## Task prompt:
What follows is a set of records; repeat them exactly, without the pictures.

(Data extract)

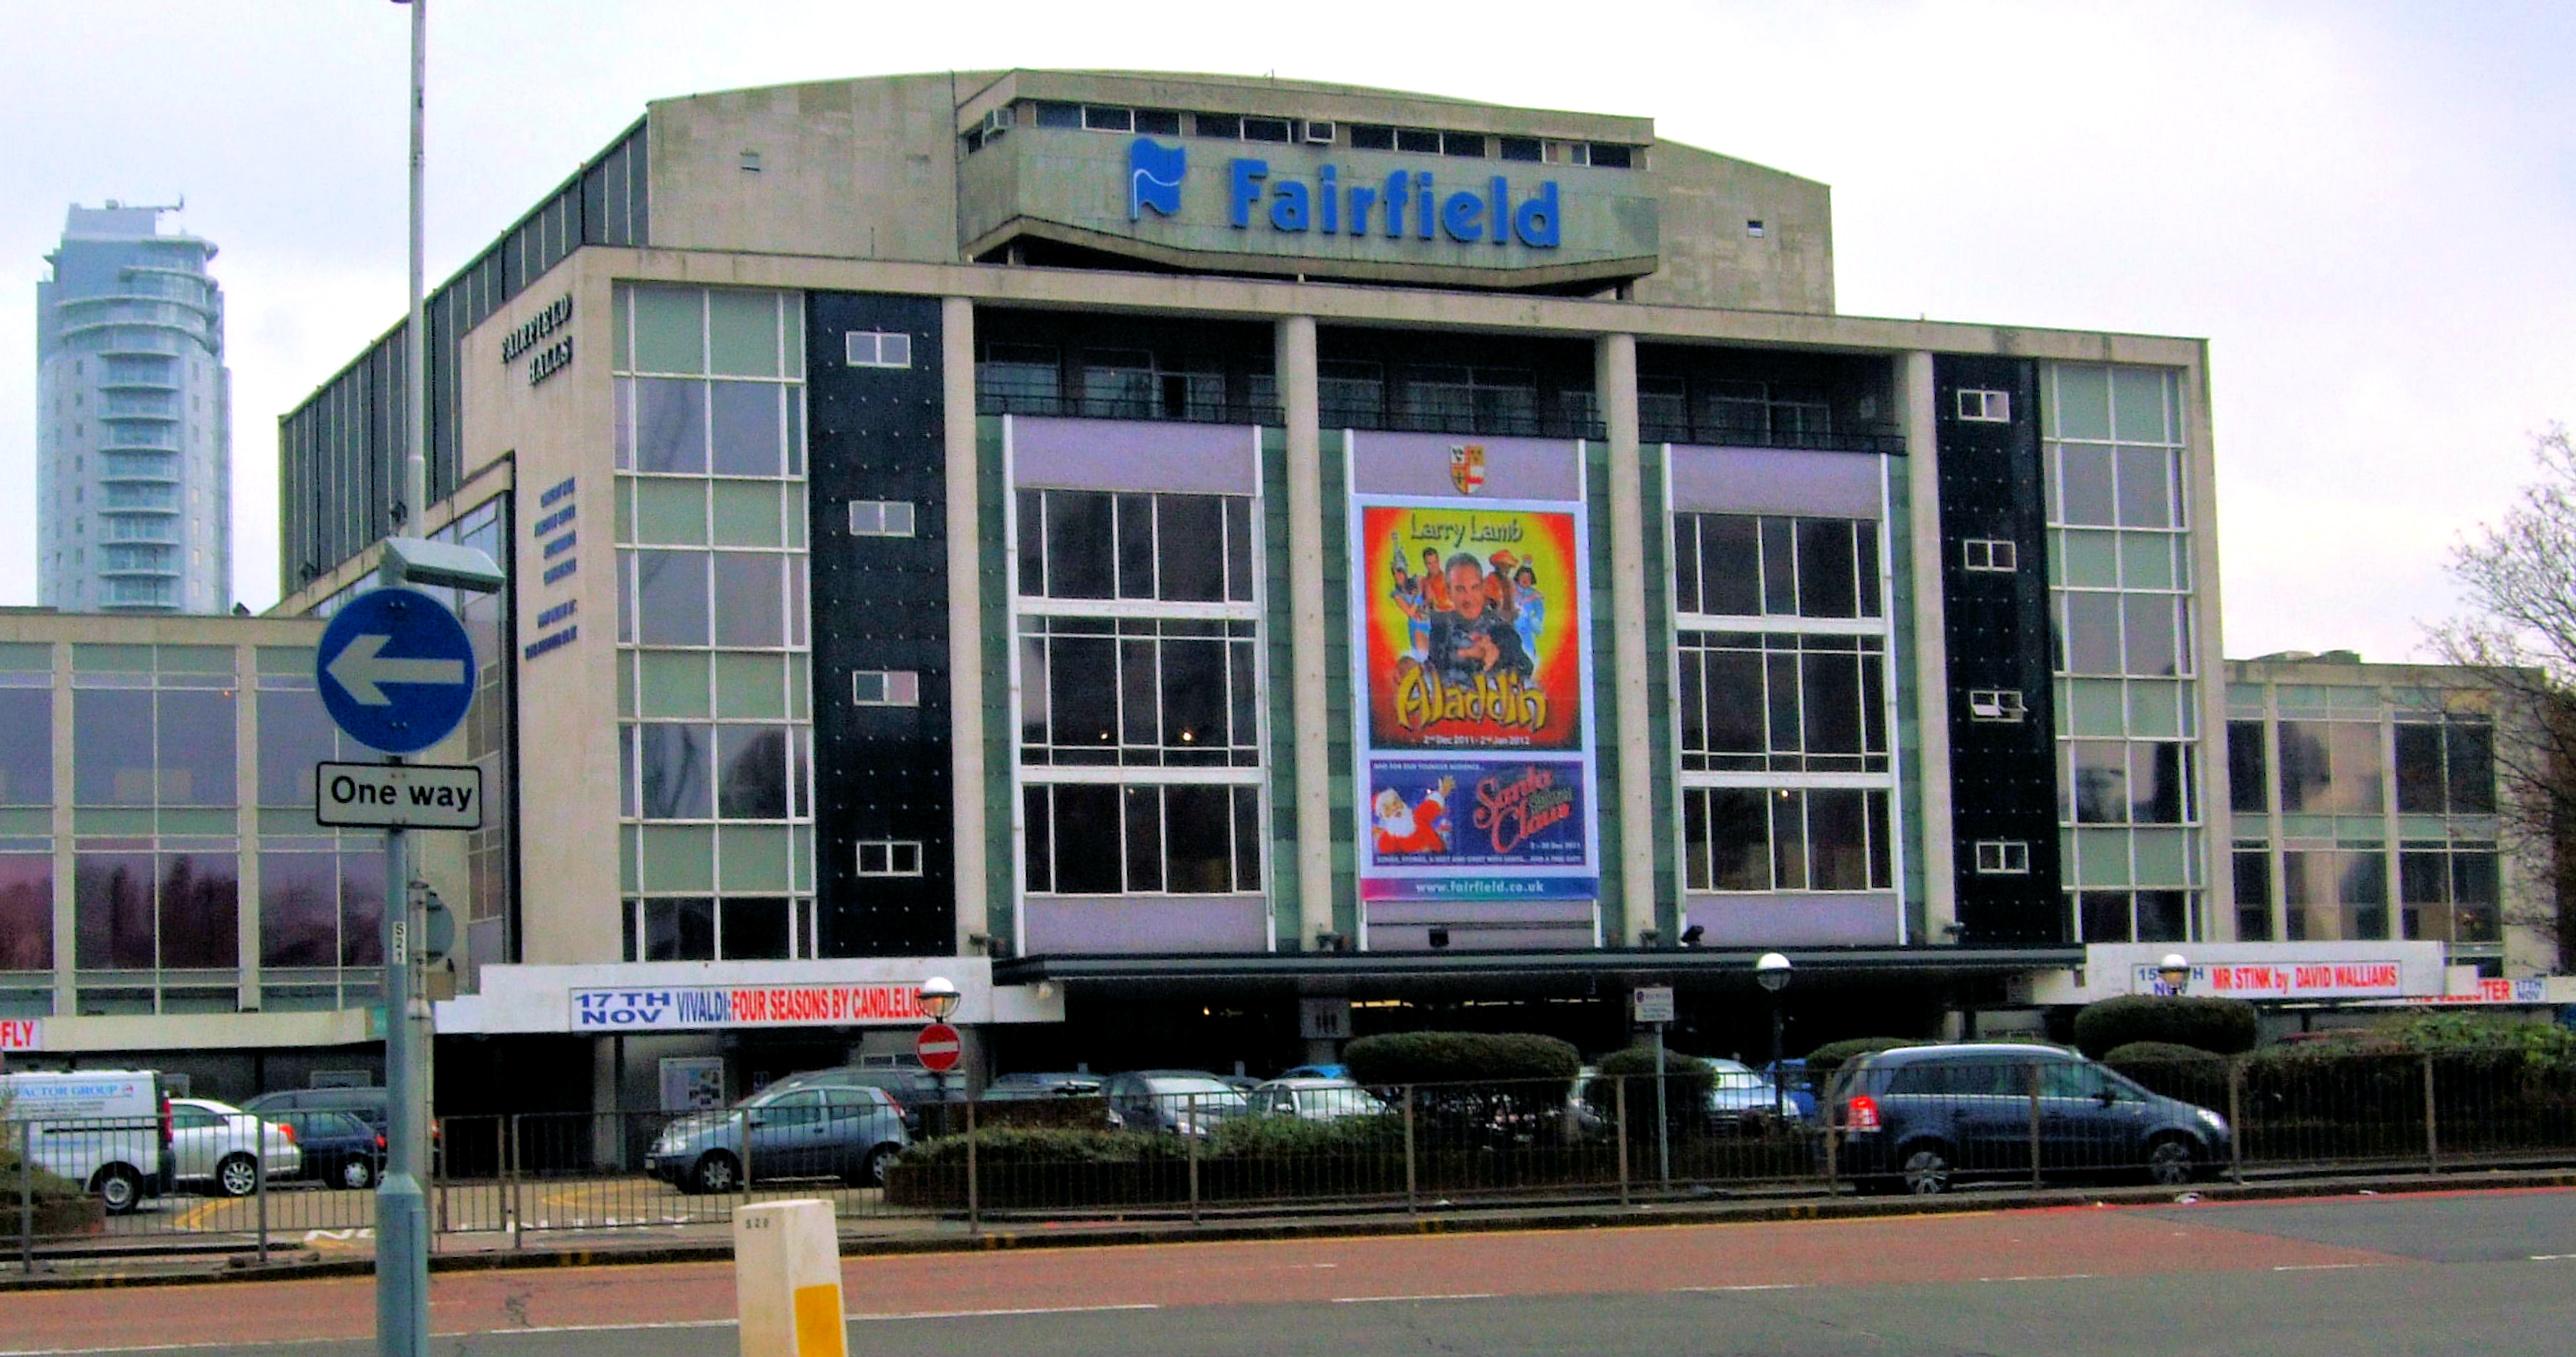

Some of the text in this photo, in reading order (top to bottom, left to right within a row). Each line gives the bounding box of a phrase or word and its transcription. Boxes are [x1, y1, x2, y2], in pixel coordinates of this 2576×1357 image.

[1229, 158, 1560, 248] Fairfield
[529, 335, 573, 387] HALLS
[1410, 512, 1524, 548] Larry Lamb
[1397, 664, 1547, 732] Aladdin
[331, 776, 473, 812] One way
[1473, 763, 1553, 829] Santa
[1416, 880, 1544, 893] www.fairfield.co.uk
[2138, 967, 2204, 981] 15H
[2213, 965, 2397, 994] MR STINK by DAVID WALLIAMS
[581, 1008, 663, 1025] NOV
[732, 989, 767, 1021] FOUR
[770, 988, 829, 1021] SEASONS
[832, 987, 850, 1020] BY
[852, 986, 925, 1019] CANDLELIG
[2, 1021, 34, 1047] FLY

(End Data extract)

## Answer box:
Some of the text in this photo, in reading order (top to bottom, left to right within a row). Each line gives the bounding box of a phrase or word and its transcription. Boxes are [x1, y1, x2, y2], in pixel coordinates of this 2576×1357 image.

[1229, 158, 1560, 248] Fairfield
[529, 335, 573, 387] HALLS
[1410, 512, 1524, 548] Larry Lamb
[1397, 664, 1547, 732] Aladdin
[331, 776, 473, 812] One way
[1473, 763, 1553, 829] Santa
[1416, 880, 1544, 893] www.fairfield.co.uk
[2138, 967, 2204, 981] 15H
[2213, 965, 2397, 994] MR STINK by DAVID WALLIAMS
[581, 1008, 663, 1025] NOV
[732, 989, 767, 1021] FOUR
[770, 988, 829, 1021] SEASONS
[832, 987, 850, 1020] BY
[852, 986, 925, 1019] CANDLELIG
[2, 1021, 34, 1047] FLY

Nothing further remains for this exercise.